§ **PROVIDED DATA**
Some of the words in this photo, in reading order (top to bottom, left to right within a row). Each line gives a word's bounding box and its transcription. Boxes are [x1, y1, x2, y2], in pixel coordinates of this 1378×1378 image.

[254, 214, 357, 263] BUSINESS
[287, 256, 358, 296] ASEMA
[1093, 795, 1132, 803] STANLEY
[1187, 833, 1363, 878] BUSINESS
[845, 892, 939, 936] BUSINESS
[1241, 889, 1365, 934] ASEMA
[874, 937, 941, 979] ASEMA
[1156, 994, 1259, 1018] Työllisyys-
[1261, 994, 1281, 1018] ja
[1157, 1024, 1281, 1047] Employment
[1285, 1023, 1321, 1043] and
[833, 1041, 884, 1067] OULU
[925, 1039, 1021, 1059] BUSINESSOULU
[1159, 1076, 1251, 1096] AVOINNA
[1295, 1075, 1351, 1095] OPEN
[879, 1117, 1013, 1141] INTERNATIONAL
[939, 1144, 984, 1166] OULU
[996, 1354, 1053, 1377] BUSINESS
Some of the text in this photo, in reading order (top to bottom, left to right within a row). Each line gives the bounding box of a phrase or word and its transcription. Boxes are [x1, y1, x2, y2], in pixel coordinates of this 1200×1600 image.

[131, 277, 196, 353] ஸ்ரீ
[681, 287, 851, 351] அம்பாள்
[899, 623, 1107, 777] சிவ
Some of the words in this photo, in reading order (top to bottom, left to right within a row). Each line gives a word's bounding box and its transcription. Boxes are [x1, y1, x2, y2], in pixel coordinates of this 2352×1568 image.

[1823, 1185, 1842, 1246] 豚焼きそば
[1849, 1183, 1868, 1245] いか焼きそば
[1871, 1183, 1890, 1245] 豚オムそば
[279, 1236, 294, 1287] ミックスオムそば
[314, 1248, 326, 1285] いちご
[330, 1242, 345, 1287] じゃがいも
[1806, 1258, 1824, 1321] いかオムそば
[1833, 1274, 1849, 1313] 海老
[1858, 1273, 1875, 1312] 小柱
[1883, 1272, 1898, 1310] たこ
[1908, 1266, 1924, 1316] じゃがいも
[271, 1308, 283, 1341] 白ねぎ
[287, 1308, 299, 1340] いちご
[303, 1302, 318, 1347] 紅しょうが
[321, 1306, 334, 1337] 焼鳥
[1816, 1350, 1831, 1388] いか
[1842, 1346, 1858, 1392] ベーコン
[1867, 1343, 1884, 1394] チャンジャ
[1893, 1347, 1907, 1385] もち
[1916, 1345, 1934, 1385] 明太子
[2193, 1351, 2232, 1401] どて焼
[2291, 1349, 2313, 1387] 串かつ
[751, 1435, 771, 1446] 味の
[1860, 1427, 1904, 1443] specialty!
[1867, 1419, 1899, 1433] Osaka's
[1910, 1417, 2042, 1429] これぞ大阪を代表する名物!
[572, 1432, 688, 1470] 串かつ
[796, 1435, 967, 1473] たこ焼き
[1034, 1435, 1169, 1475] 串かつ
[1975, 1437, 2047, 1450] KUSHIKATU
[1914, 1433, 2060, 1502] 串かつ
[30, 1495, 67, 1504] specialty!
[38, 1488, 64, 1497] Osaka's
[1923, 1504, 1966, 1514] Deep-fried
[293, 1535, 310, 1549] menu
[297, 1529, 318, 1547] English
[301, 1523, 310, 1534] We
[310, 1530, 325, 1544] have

§ **TASK STATEMENT**
All of the entries should be written out again exactly.

§ **EXPECTED ANSWER**
Some of the words in this photo, in reading order (top to bottom, left to right within a row). Each line gives a word's bounding box and its transcription. Boxes are [x1, y1, x2, y2], in pixel coordinates of this 1378×1378 image.

[254, 214, 357, 263] BUSINESS
[287, 256, 358, 296] ASEMA
[1093, 795, 1132, 803] STANLEY
[1187, 833, 1363, 878] BUSINESS
[845, 892, 939, 936] BUSINESS
[1241, 889, 1365, 934] ASEMA
[874, 937, 941, 979] ASEMA
[1156, 994, 1259, 1018] Työllisyys-
[1261, 994, 1281, 1018] ja
[1157, 1024, 1281, 1047] Employment
[1285, 1023, 1321, 1043] and
[833, 1041, 884, 1067] OULU
[925, 1039, 1021, 1059] BUSINESSOULU
[1159, 1076, 1251, 1096] AVOINNA
[1295, 1075, 1351, 1095] OPEN
[879, 1117, 1013, 1141] INTERNATIONAL
[939, 1144, 984, 1166] OULU
[996, 1354, 1053, 1377] BUSINESS
Some of the text in this photo, in reading order (top to bottom, left to right within a row). Each line gives the bounding box of a phrase or word and its transcription. Boxes are [x1, y1, x2, y2], in pixel coordinates of this 1200×1600 image.

[131, 277, 196, 353] ஸ்ரீ
[681, 287, 851, 351] அம்பாள்
[899, 623, 1107, 777] சிவ
Some of the words in this photo, in reading order (top to bottom, left to right within a row). Each line gives a word's bounding box and its transcription. Boxes are [x1, y1, x2, y2], in pixel coordinates of this 2352×1568 image.

[1823, 1185, 1842, 1246] 豚焼きそば
[1849, 1183, 1868, 1245] いか焼きそば
[1871, 1183, 1890, 1245] 豚オムそば
[279, 1236, 294, 1287] ミックスオムそば
[314, 1248, 326, 1285] いちご
[330, 1242, 345, 1287] じゃがいも
[1806, 1258, 1824, 1321] いかオムそば
[1833, 1274, 1849, 1313] 海老
[1858, 1273, 1875, 1312] 小柱
[1883, 1272, 1898, 1310] たこ
[1908, 1266, 1924, 1316] じゃがいも
[271, 1308, 283, 1341] 白ねぎ
[287, 1308, 299, 1340] いちご
[303, 1302, 318, 1347] 紅しょうが
[321, 1306, 334, 1337] 焼鳥
[1816, 1350, 1831, 1388] いか
[1842, 1346, 1858, 1392] ベーコン
[1867, 1343, 1884, 1394] チャンジャ
[1893, 1347, 1907, 1385] もち
[1916, 1345, 1934, 1385] 明太子
[2193, 1351, 2232, 1401] どて焼
[2291, 1349, 2313, 1387] 串かつ
[751, 1435, 771, 1446] 味の
[1860, 1427, 1904, 1443] specialty!
[1867, 1419, 1899, 1433] Osaka's
[1910, 1417, 2042, 1429] これぞ大阪を代表する名物!
[572, 1432, 688, 1470] 串かつ
[796, 1435, 967, 1473] たこ焼き
[1034, 1435, 1169, 1475] 串かつ
[1975, 1437, 2047, 1450] KUSHIKATU
[1914, 1433, 2060, 1502] 串かつ
[30, 1495, 67, 1504] specialty!
[38, 1488, 64, 1497] Osaka's
[1923, 1504, 1966, 1514] Deep-fried
[293, 1535, 310, 1549] menu
[297, 1529, 318, 1547] English
[301, 1523, 310, 1534] We
[310, 1530, 325, 1544] have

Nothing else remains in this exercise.